- Developer: SAP
- Initial release: 12 May 2012; 13 years ago
- Stable release: 2.4, 2025 / 15 July 2020; 5 years ago
- Operating system: Windows Linux
- Type: Business Intelligence
- License: Trialware
- Website: sap.com

= SAP BusinessObjects Lumira =

SAP BusinessObjects Lumira, also known as SAP Lumira or simply Lumira, is business intelligence software developed and marketed by SAP. The software is used to manipulate and visualize data.

==History==
Lumira was initially launched as SAP Visual Intelligence in 2012. The first edition of the software could only use SAP's HANA platform as a data source. The second release expanded data sources to include CSV and Excel files. In 2013, SAP rebranded the software under the Lumira name and began offering a version of the software as a cloud computing program. In 2015, the cloud version of Lumira was absorbed into SAP's Cloud for Analytics software (now known as SAP Analytics Cloud), while the Lumira Server and Lumira Desktop software remained separate.

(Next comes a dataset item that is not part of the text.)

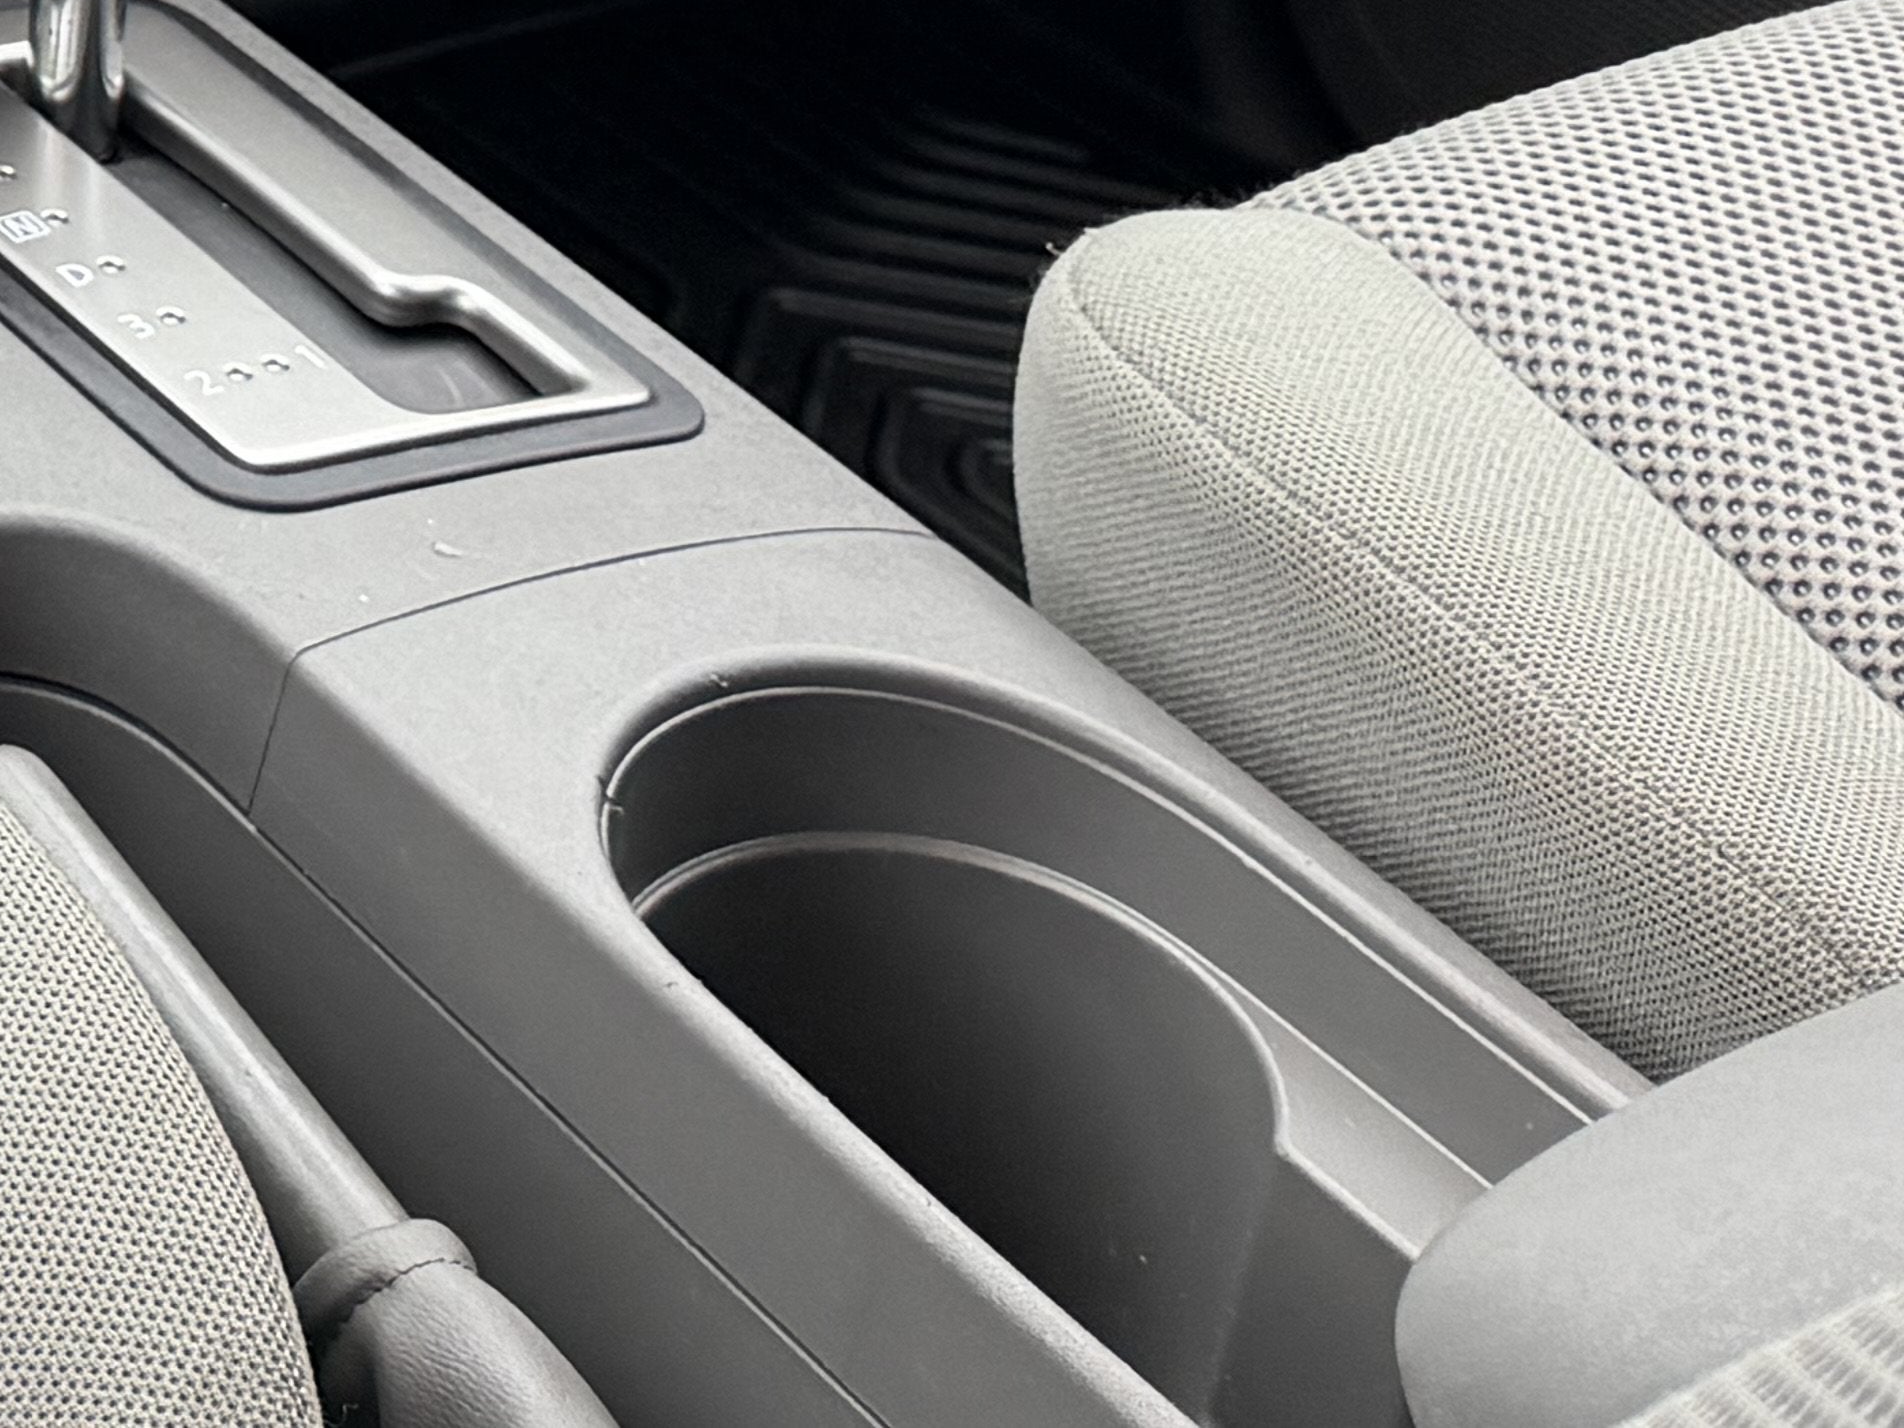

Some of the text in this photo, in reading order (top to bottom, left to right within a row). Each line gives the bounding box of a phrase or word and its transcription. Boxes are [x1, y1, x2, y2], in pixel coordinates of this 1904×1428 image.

[55, 262, 95, 289] D
[117, 312, 156, 339] 3
[183, 369, 226, 396] 2

In 2016, Lumira 2.x was announced. It rebranded the original Lumira Desktop as SAP Lumira Discovery and rebranded SAP Design Studio as SAP Lumira Designer. Lumira 2.x was unique, in that a business user could develop a simple dashboard using SAP Lumira Discovery then hand off the dashboard to a developer, who could add more sophistication and custom code using SAP Lumira Designer. But starting with Lumira 2.4, introduced in August 2020, SAP froze innovation and positioned SAP Analytics Cloud as the successor to SAP Lumira.

SAP BusinessObjects Business Intelligence 2025 was released on March 12, 2025, and is the first version of the suite that drops support for SAP Lumira Discovery. However, it will continue to support SAP Lumira Designer 2025, which is expected in Q1-2026.